EXERCISE MATERIAL:

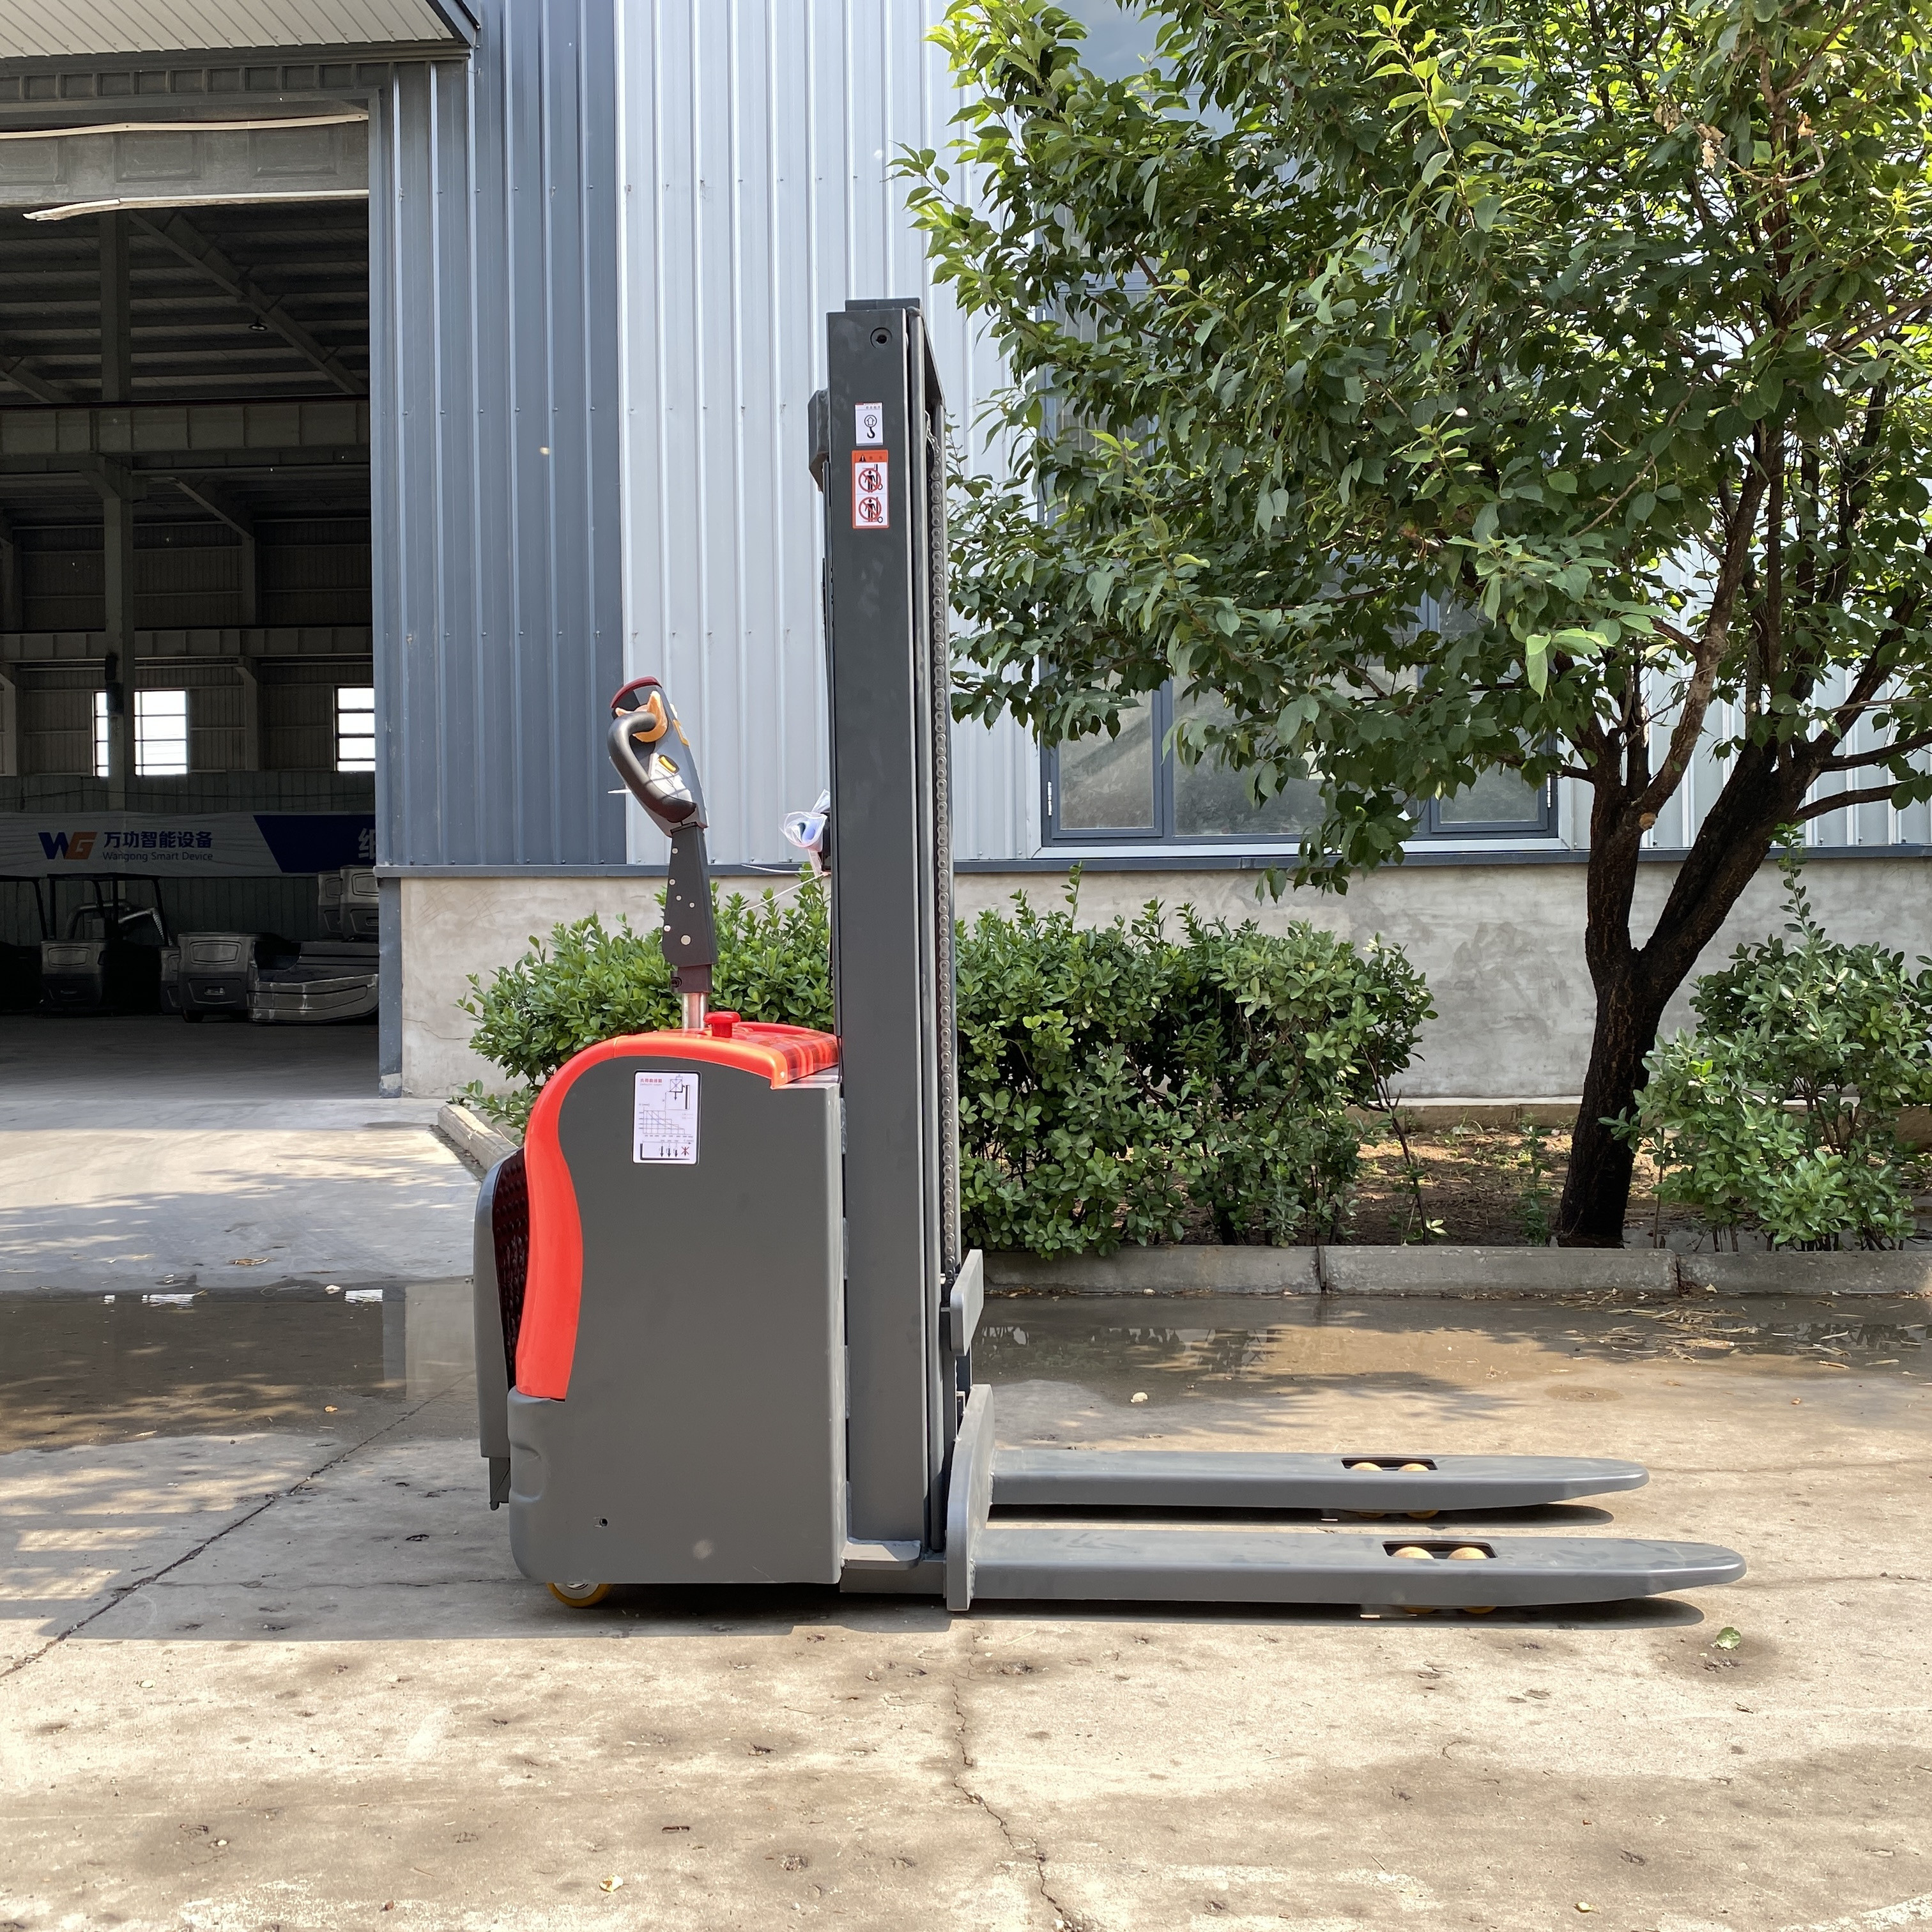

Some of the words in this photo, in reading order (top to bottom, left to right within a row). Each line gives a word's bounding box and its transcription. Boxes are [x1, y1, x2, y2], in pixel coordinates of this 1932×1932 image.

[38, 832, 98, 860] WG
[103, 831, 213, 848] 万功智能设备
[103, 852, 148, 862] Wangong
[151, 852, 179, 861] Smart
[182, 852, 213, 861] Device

WHAT YOU NEED TO DO:
What you give back must match the entries exactly, apart from the omitted pictures.

RESPONSE:
Some of the words in this photo, in reading order (top to bottom, left to right within a row). Each line gives a word's bounding box and its transcription. Boxes are [x1, y1, x2, y2], in pixel coordinates of this 1932×1932 image.

[38, 832, 98, 860] WG
[103, 831, 213, 848] 万功智能设备
[103, 852, 148, 862] Wangong
[151, 852, 179, 861] Smart
[182, 852, 213, 861] Device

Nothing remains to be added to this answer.